§ Problem to work on
Each line in the data must be reproduced as written, except for any picture.
═════ Source information ═════
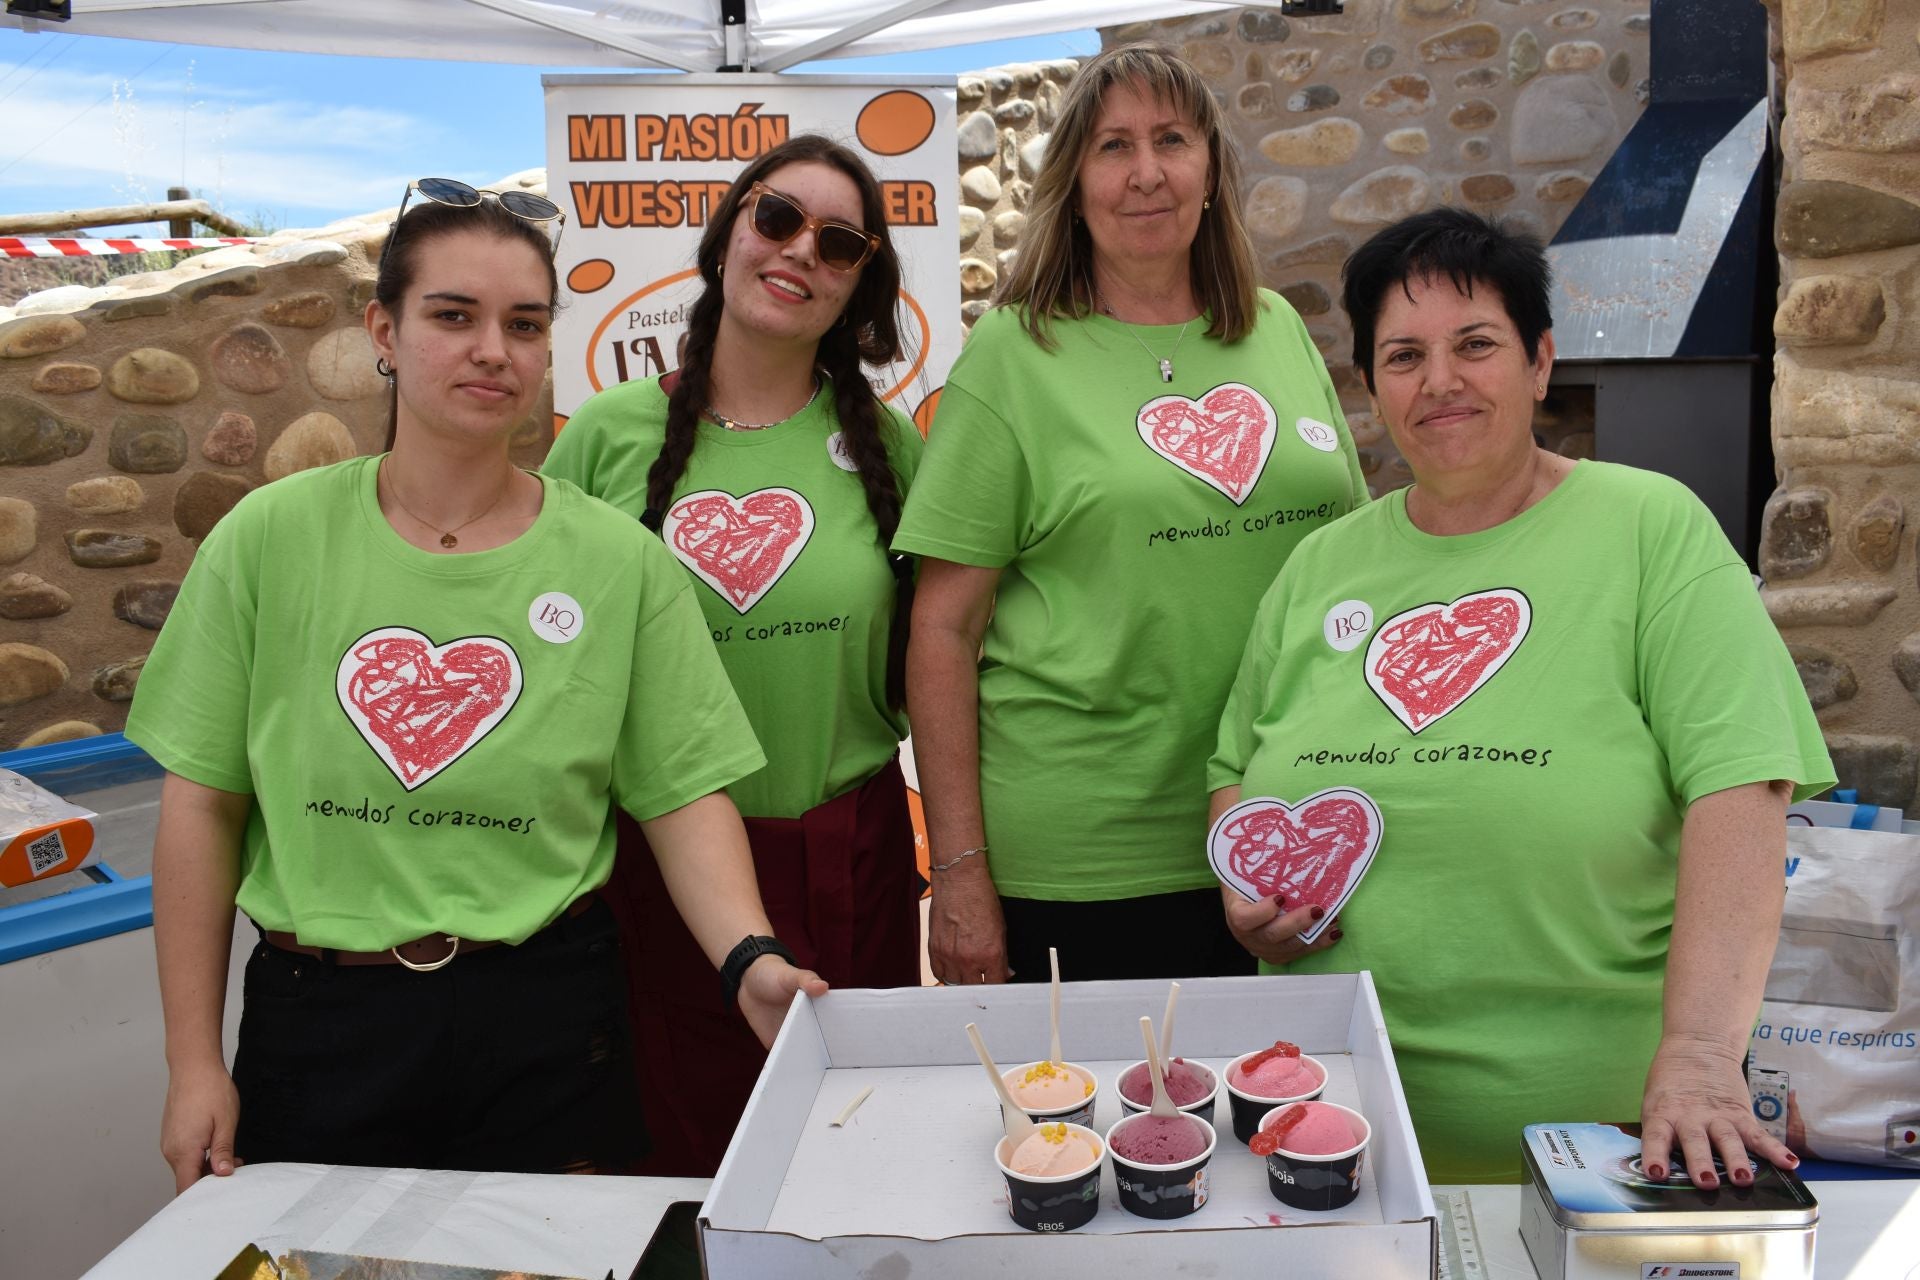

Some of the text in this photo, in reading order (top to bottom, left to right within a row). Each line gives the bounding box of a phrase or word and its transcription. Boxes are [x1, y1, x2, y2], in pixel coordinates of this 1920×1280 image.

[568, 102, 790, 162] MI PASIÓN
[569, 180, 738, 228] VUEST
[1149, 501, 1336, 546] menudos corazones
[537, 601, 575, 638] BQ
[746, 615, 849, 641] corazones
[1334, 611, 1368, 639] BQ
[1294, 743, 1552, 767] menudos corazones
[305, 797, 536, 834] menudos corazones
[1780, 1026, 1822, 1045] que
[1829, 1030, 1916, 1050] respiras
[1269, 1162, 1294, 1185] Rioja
═════
§ Answer section
Some of the text in this photo, in reading order (top to bottom, left to right within a row). Each line gives the bounding box of a phrase or word and its transcription. Boxes are [x1, y1, x2, y2], in pixel coordinates of this 1920×1280 image.

[568, 102, 790, 162] MI PASIÓN
[569, 180, 738, 228] VUEST
[1149, 501, 1336, 546] menudos corazones
[537, 601, 575, 638] BQ
[746, 615, 849, 641] corazones
[1334, 611, 1368, 639] BQ
[1294, 743, 1552, 767] menudos corazones
[305, 797, 536, 834] menudos corazones
[1780, 1026, 1822, 1045] que
[1829, 1030, 1916, 1050] respiras
[1269, 1162, 1294, 1185] Rioja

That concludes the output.